Last year on an Afghan mountainside near the Pakistan border, a group of U.S. paratroopers on patrol spotted a 14-year-old hiding a cache of weapons and explosives. In the presence of a Sun reporter, they forced the boy to kneel on the rocky ground and put all his weight on his knees for an hour while heavily armed soldiers angrily questioned him.
Several times, the boy grimaced from the pain, closed his eyes and tottered, looking as though he were ready to faint. But he never admitted hiding weapons, even as soldiers scouring nearby caves stacked rockets, rifles and thousands of bullets in the dust nearby.
The weapons could have been used in deadly attacks. But the paratroopers were clearly uneasy about inflicting pain to leverage information, and - although they threatened to arrest their suspect - finally released the teenager with a warning. He was, as one said, "just a boy."
The incident illustrates the questions the United States has been facing since the Sept. 11 attacks: How much pain and suffering should American forces use in trying to extract information from suspected terrorists? When does physical and psychological pressure become cruelty, degradation and torture?
Thousands have been imprisoned in Afghanistan, Iraq, Guantanamo Bay and in secret facilities around the world. Americans or foreigners working on our behalf have used isolation, stress, fear and pain during interrogations - to the point, critics say, of torture, which is outlawed by international law.
It's hard to say what has been accomplished by these techniques: The United States has deliberately cloaked the detention of most terror suspects behind a veil of secrecy and ambiguity.
But what some are calling America's gulag has produced outrage from enemies and allies around the globe. More important, perhaps, the practice has divided and disturbed Americans at home.
America is not so much a nation as a collection of nations. What unites us is not a common ethnic, racial or religious heritage but the ideals of freedom, equality and democracy.
Other countries may feel justified in using torture, as a matter of self-preservation. But for the United States, means and ends form a more complicated equation. We are what we believe. And we trample on our beliefs at our peril.
"It's not about them, it's about us," said Sen. John McCain, a former prisoner of war who was tortured by the North Vietnamese. "This battle we're in is about the things we stand for and believe in and practice.
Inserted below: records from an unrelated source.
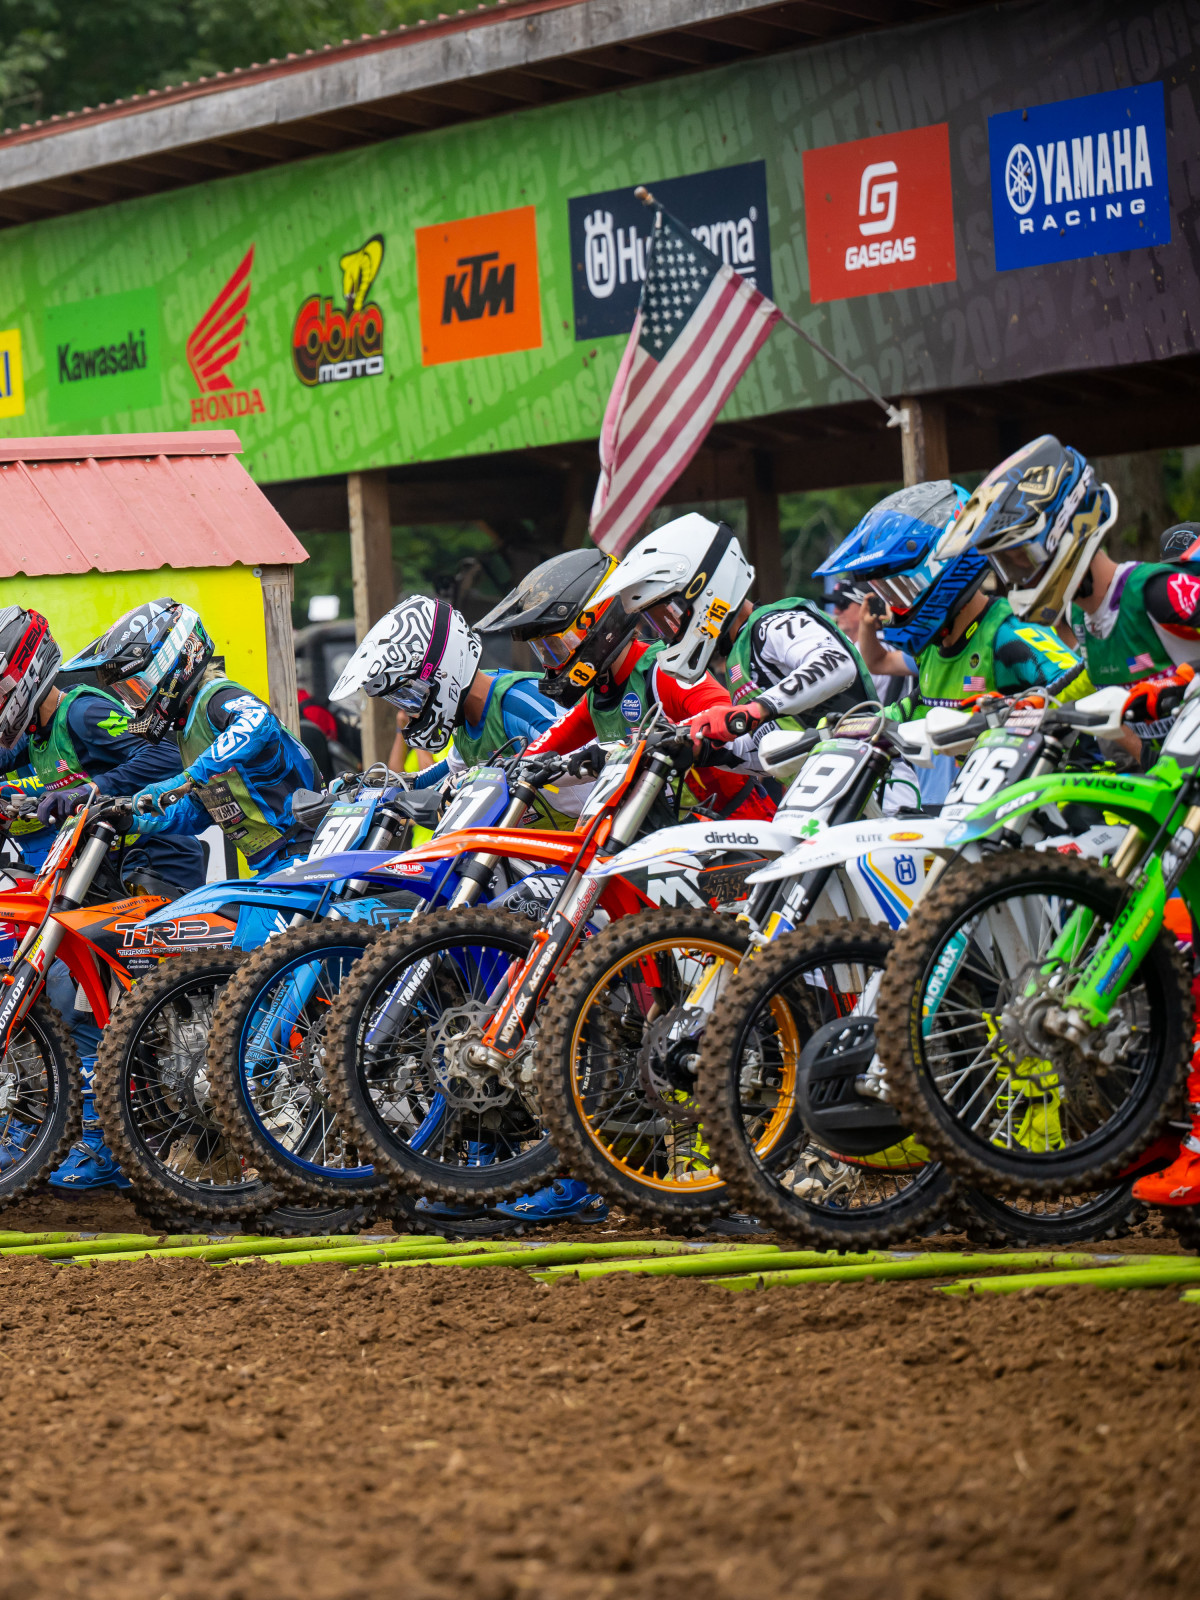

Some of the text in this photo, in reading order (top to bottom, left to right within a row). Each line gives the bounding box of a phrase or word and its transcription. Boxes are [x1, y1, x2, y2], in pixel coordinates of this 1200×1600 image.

[1036, 125, 1153, 205] YAMAHA
[1020, 199, 1146, 234] RACING
[845, 237, 917, 271] GASGAS
[441, 251, 516, 326] KTM
[56, 329, 148, 385] Kawasaki
[293, 294, 384, 386] Cobra
[318, 356, 384, 384] MOTO
[190, 389, 266, 424] HONDA
[709, 602, 729, 621] 15
[6, 648, 49, 724] BELL
[574, 667, 591, 682] 8
[944, 747, 1020, 805] 96
[307, 816, 364, 862] 50
[498, 836, 574, 853] PERFORMANCE
[704, 831, 759, 845] dirtlab
[115, 920, 210, 948] TRP
[397, 957, 433, 1007] TAMER
[923, 944, 959, 1008] MOTOREX
[499, 992, 533, 1044] MOTOREX
And that is an observance of human rights no matter how terrible our adversaries may be."
McCain spent weeks pushing the White House to accept a ban on cruel and inhumane treatment of terror suspects held in the U.S. or abroad, and finally succeeded Thursday.
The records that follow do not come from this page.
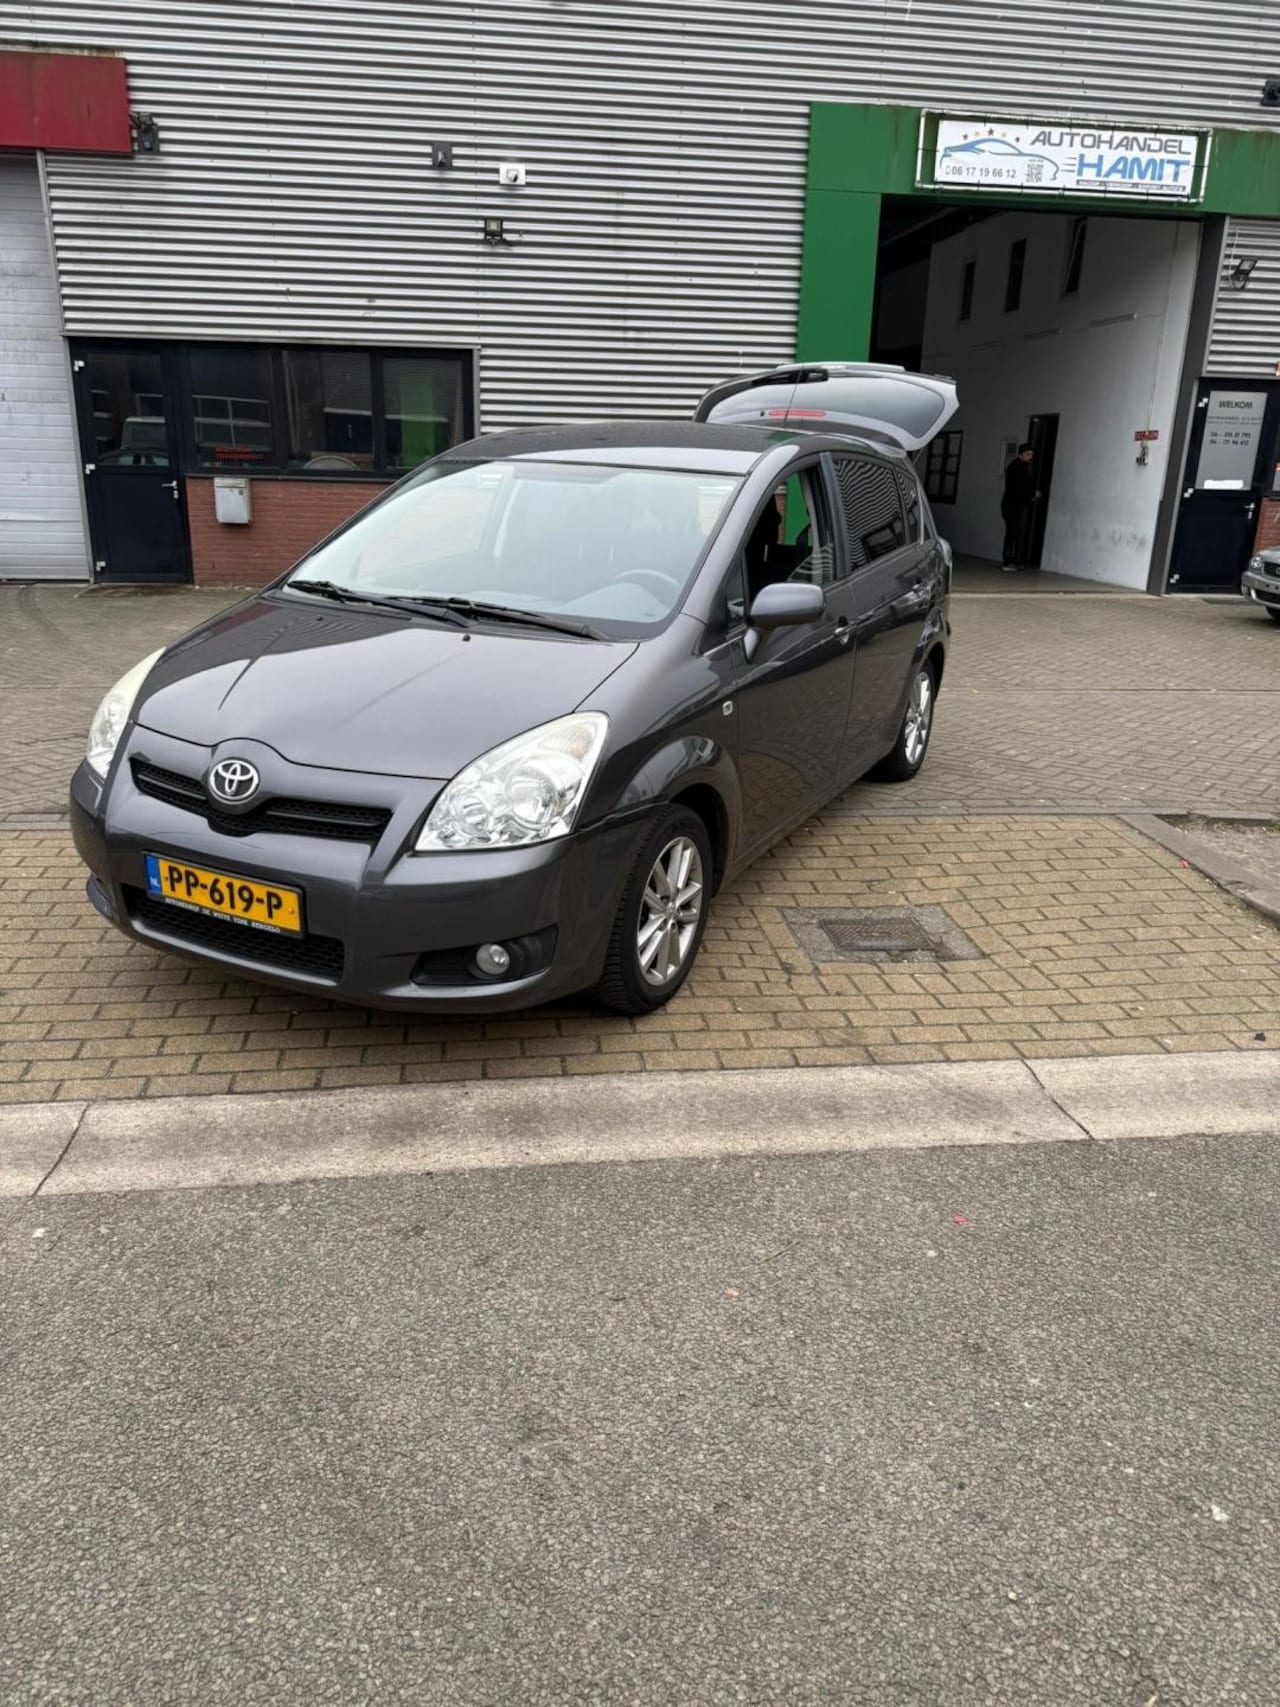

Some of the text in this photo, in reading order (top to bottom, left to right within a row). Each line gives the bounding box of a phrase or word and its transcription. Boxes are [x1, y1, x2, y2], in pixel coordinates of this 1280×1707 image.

[1030, 130, 1192, 155] AUTOHANDEL
[952, 166, 963, 176] 06
[966, 167, 976, 177] 17
[980, 168, 990, 177] 19
[1006, 169, 1017, 179] 12
[1076, 153, 1190, 182] HAMIT
[1219, 401, 1253, 409] WELKOM
[168, 865, 283, 919] PP-619-P
The agreement, President Bush said, made it "clear to the world that this government does not torture and that we adhere to the International Convention on Torture, whether it be here at home or abroad."
The deal was struck after McCain agreed to give CIA interrogators the right - already extended to members of the U.S. military - to defend themselves against charges they tortured or abused detainees by arguing that they were following a lawful order. Vice President Dick Cheney had insisted on providing additional protection for the CIA.
U.S. law, the Geneva Conventions and the United Nations Convention Against Torture, ratified by the United States in 1994, already ban torture, defined in the latter document as "severe pain or suffering, whether physical or mental." The United Nations agreement and others also prohibit lesser acts of "cruel, inhuman or degrading treatment or punishment" for prisoners.
But after Sept. 11, Bush administration officials sifted through the seemingly plain language of these laws - focusing on words like "torture," "severe," "cruel," and "degrading" - and found a lot of elasticity and ambiguity.
In the summer of 2002, Justice Department lawyers drafted a memo that, essentially, said the United States had the right to use any interrogation technique as long as it doesn't produce the kind of pain a person might feel when suffering organ failure or death.
According to government reports and news accounts, U.S. soldiers in Afghanistan and Iraq have sometimes resorted to beatings, suffocation, sleep deprivation, electric shocks and the use of lunging dogs while questioning prisoners.
The United States has also created a network of secret prisons in Thailand and Eastern Europe, The Washington Post's Dana Priest reported. Craig Murray, the former British ambassador to Uzbekistan, and others say the United States and Britain use information gathered through torture in Saudi Arabia, Egypt, Algeria, Morocco and many other places.
Britain's highest court ruled this month that information obtained through torture could not be used against 10 criminal defendants suspected of conspiring to commit terror.